THE RECORDS Block Start

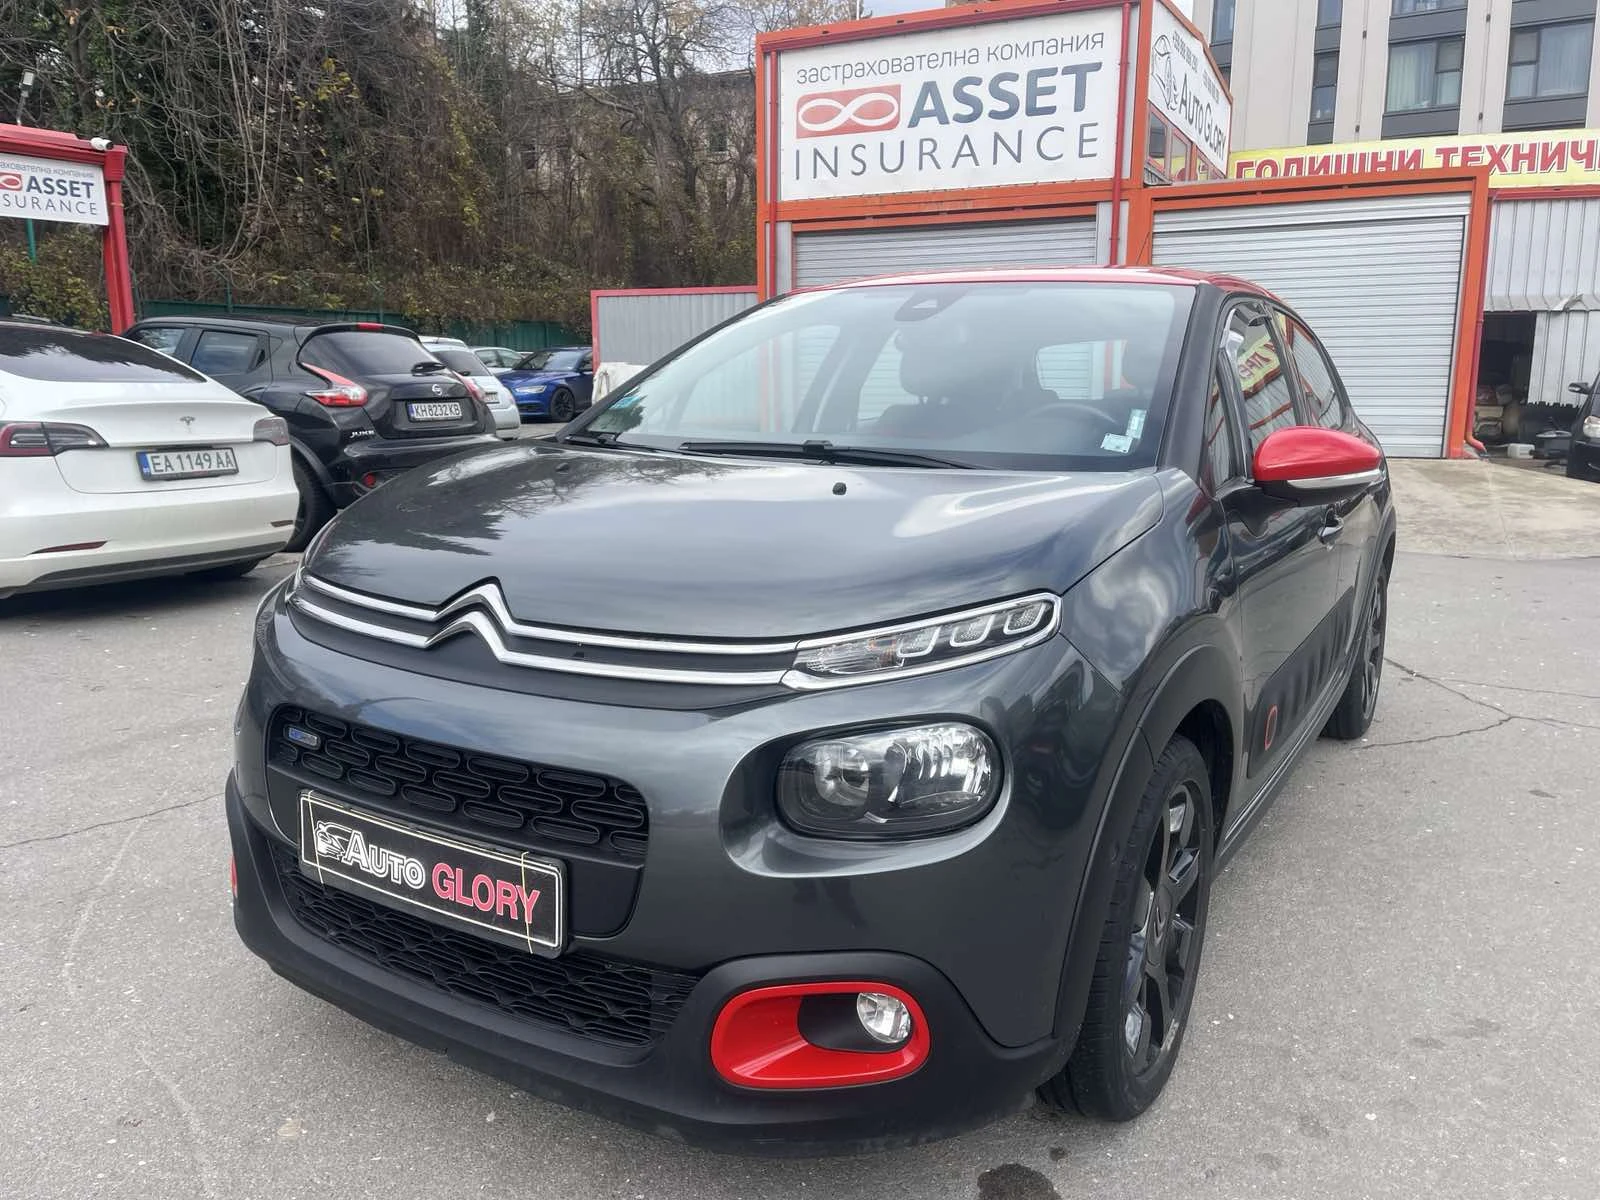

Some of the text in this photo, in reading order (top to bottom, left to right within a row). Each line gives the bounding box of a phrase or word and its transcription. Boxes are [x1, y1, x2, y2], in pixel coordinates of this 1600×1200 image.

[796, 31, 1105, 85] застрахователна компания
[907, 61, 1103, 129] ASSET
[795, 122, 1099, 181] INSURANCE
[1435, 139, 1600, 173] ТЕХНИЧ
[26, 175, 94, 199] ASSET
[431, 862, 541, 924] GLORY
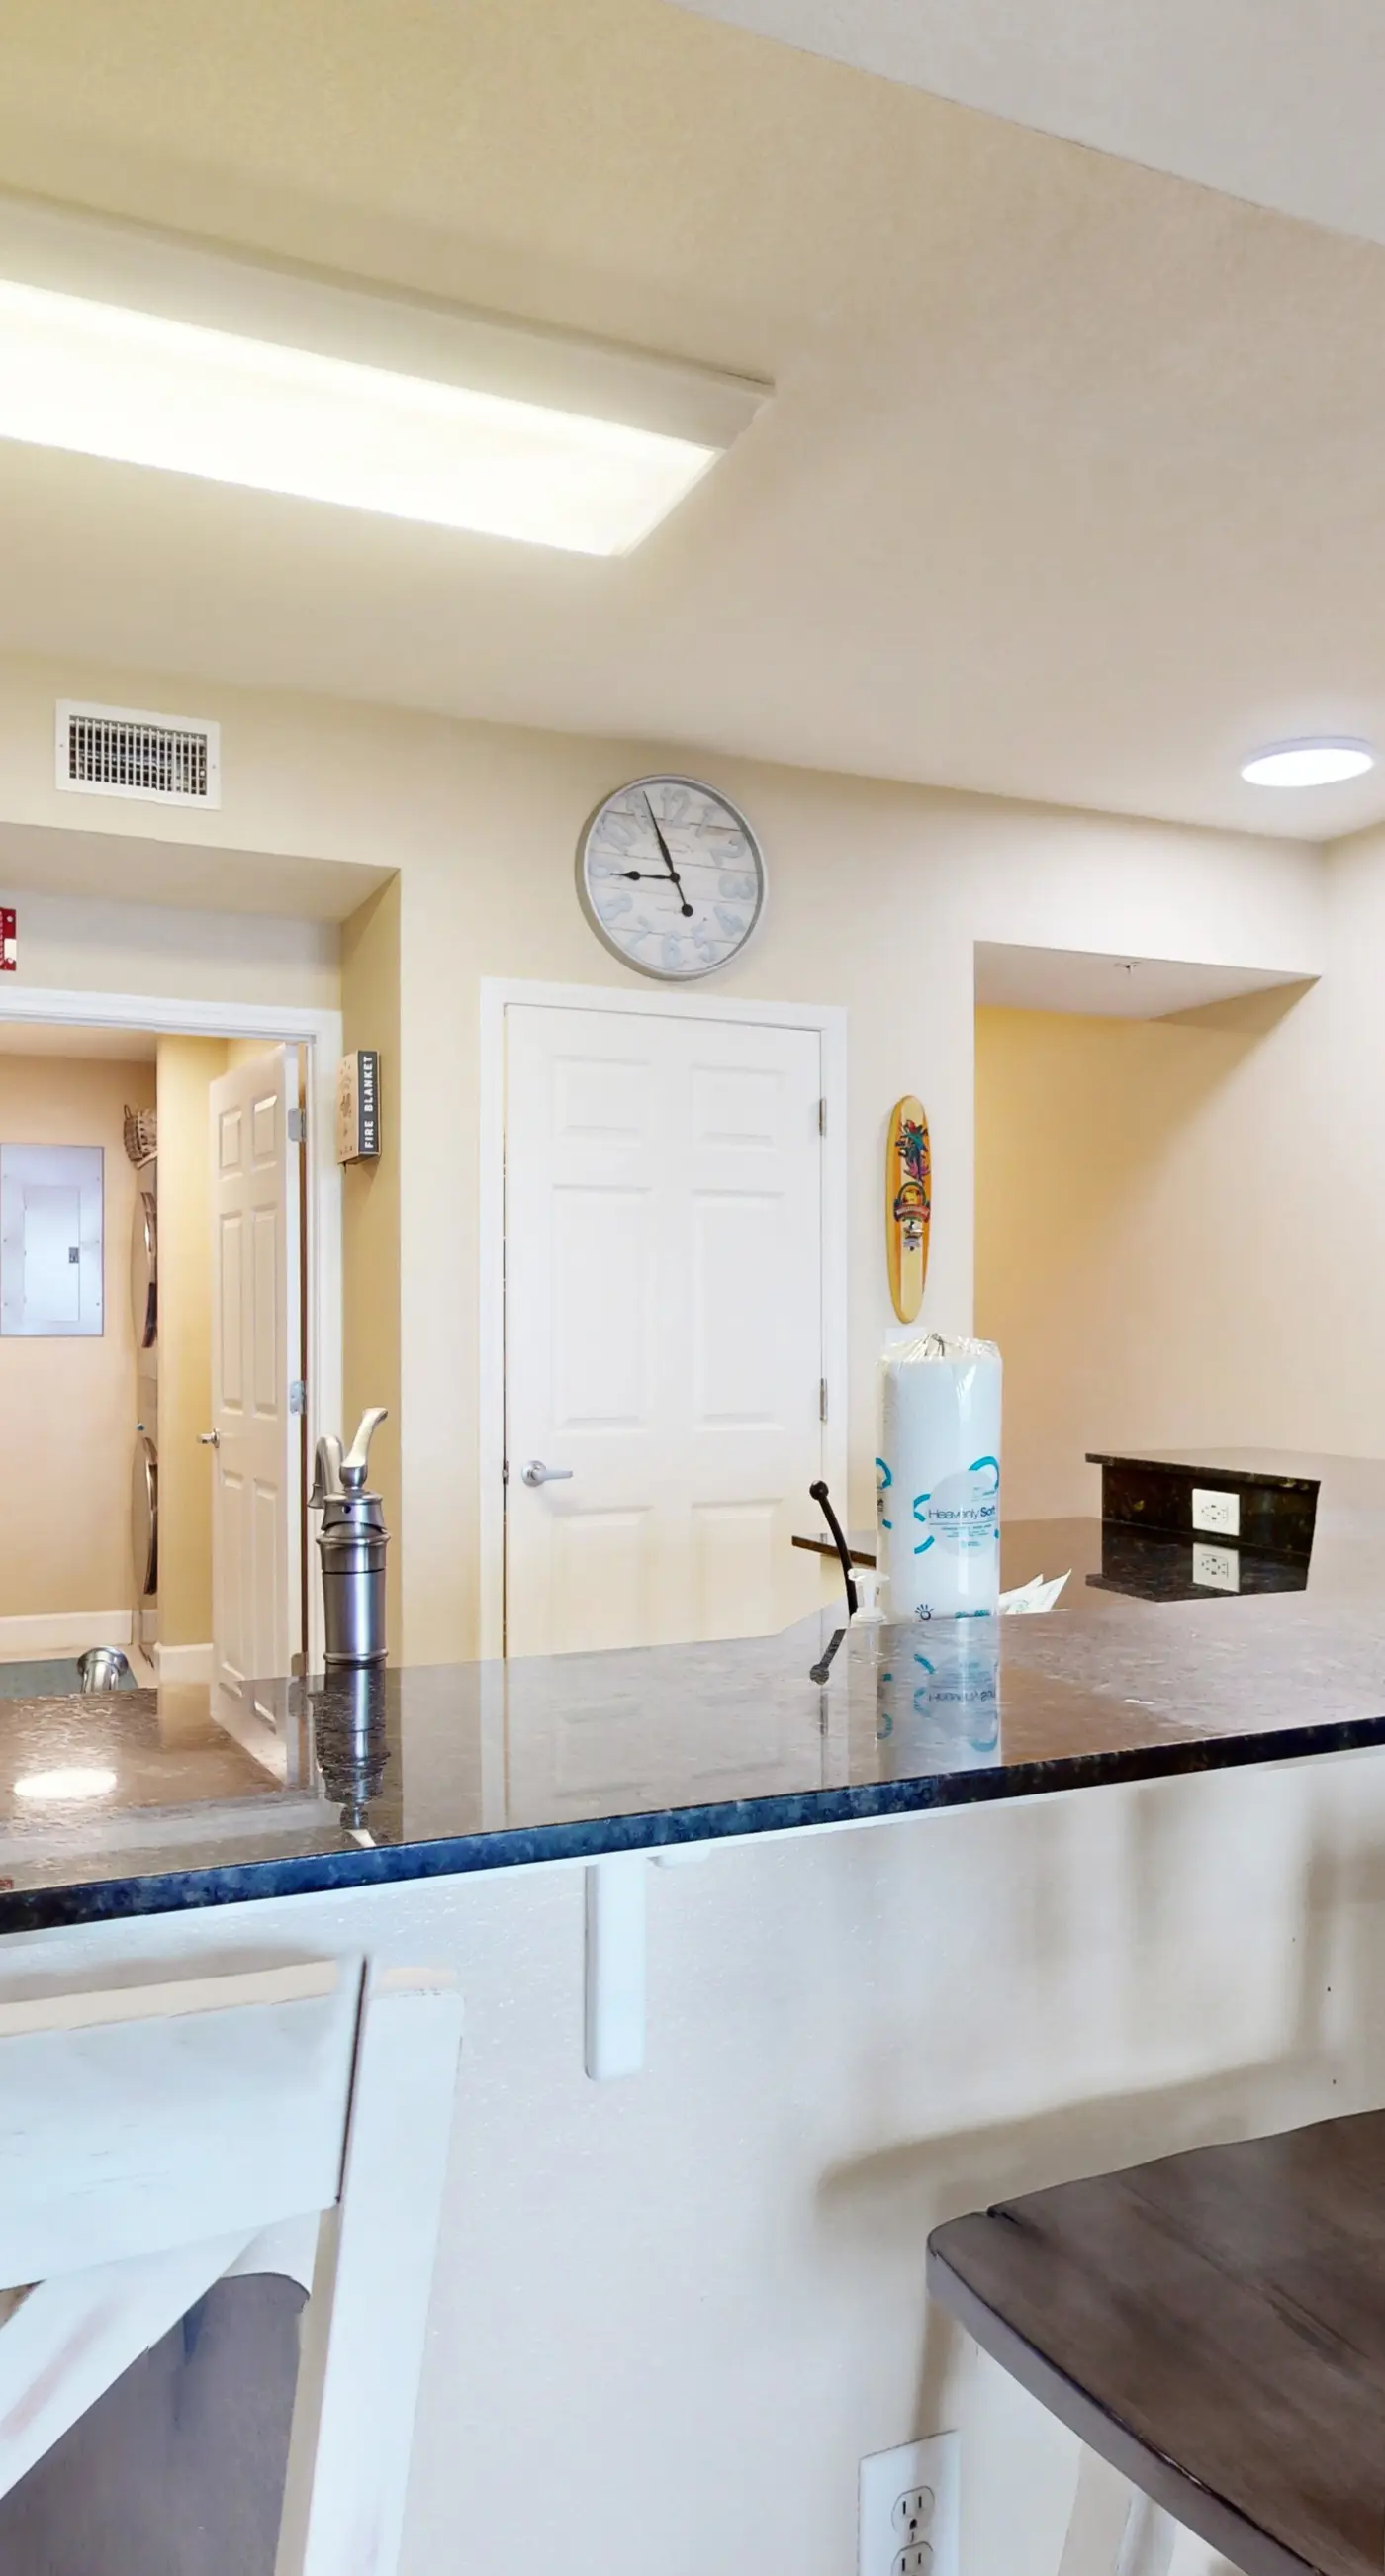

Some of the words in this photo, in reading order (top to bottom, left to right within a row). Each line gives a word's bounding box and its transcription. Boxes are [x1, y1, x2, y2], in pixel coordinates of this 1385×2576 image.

THE RECORDS Block End

THE TASK »
Once the pictures are removed, reproduce the remaining entries above exactly.

RESULT OF THIS TASK »
Some of the text in this photo, in reading order (top to bottom, left to right within a row). Each line gives the bounding box of a phrase or word and its transcription. Boxes are [x1, y1, x2, y2], in pixel coordinates of this 1600×1200 image.

[796, 31, 1105, 85] застрахователна компания
[907, 61, 1103, 129] ASSET
[795, 122, 1099, 181] INSURANCE
[1435, 139, 1600, 173] ТЕХНИЧ
[26, 175, 94, 199] ASSET
[431, 862, 541, 924] GLORY

Some of the words in this photo, in reading order (top to bottom, left to right within a row). Each line gives a word's bounding box and its transcription. Boxes are [x1, y1, x2, y2], in pixel coordinates of this 1385×2576 image.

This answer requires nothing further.